== Information given ==
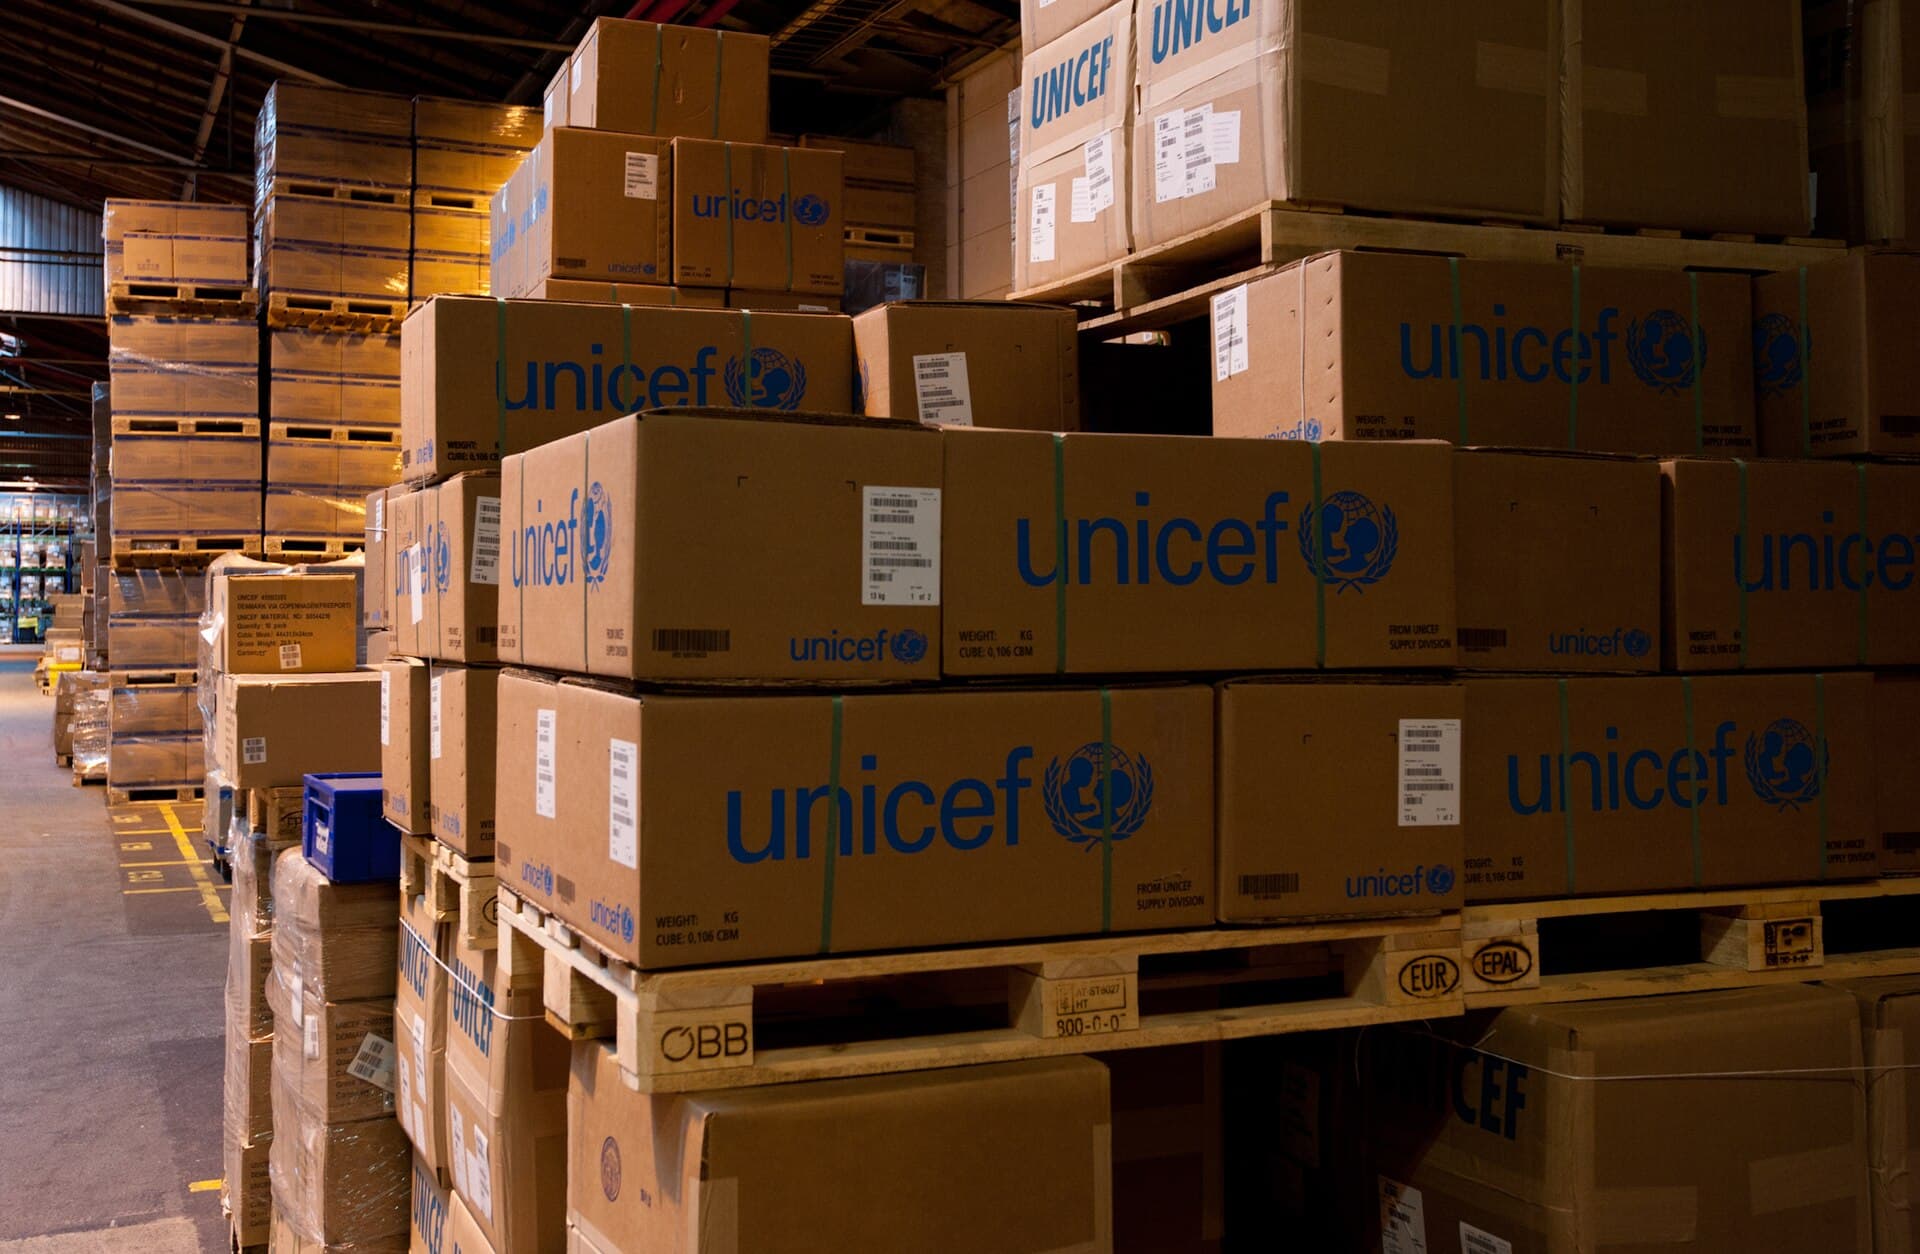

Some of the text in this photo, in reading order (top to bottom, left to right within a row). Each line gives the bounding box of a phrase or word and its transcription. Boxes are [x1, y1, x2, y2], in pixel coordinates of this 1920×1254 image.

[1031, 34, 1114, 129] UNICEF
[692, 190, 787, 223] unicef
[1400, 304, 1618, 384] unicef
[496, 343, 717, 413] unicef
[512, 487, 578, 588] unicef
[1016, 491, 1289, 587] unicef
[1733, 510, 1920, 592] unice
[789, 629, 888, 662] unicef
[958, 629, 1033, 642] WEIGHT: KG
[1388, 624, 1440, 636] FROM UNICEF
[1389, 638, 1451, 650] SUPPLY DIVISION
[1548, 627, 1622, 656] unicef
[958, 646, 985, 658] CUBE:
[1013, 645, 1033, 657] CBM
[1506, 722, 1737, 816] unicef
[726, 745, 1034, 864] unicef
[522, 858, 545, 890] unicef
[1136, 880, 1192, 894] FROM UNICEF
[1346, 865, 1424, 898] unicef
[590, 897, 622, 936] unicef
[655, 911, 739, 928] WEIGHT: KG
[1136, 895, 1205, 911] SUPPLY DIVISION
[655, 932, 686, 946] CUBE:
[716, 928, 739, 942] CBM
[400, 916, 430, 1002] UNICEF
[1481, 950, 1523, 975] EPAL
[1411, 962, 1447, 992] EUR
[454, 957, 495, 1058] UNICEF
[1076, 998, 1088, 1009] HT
===
- Directions for this task
Return each record as written, minus its images.

- Written response
Some of the text in this photo, in reading order (top to bottom, left to right within a row). Each line gives the bounding box of a phrase or word and its transcription. Boxes are [x1, y1, x2, y2], in pixel coordinates of this 1920×1254 image.

[1031, 34, 1114, 129] UNICEF
[692, 190, 787, 223] unicef
[1400, 304, 1618, 384] unicef
[496, 343, 717, 413] unicef
[512, 487, 578, 588] unicef
[1016, 491, 1289, 587] unicef
[1733, 510, 1920, 592] unice
[789, 629, 888, 662] unicef
[958, 629, 1033, 642] WEIGHT: KG
[1388, 624, 1440, 636] FROM UNICEF
[1389, 638, 1451, 650] SUPPLY DIVISION
[1548, 627, 1622, 656] unicef
[958, 646, 985, 658] CUBE:
[1013, 645, 1033, 657] CBM
[1506, 722, 1737, 816] unicef
[726, 745, 1034, 864] unicef
[522, 858, 545, 890] unicef
[1136, 880, 1192, 894] FROM UNICEF
[1346, 865, 1424, 898] unicef
[590, 897, 622, 936] unicef
[655, 911, 739, 928] WEIGHT: KG
[1136, 895, 1205, 911] SUPPLY DIVISION
[655, 932, 686, 946] CUBE:
[716, 928, 739, 942] CBM
[400, 916, 430, 1002] UNICEF
[1481, 950, 1523, 975] EPAL
[1411, 962, 1447, 992] EUR
[454, 957, 495, 1058] UNICEF
[1076, 998, 1088, 1009] HT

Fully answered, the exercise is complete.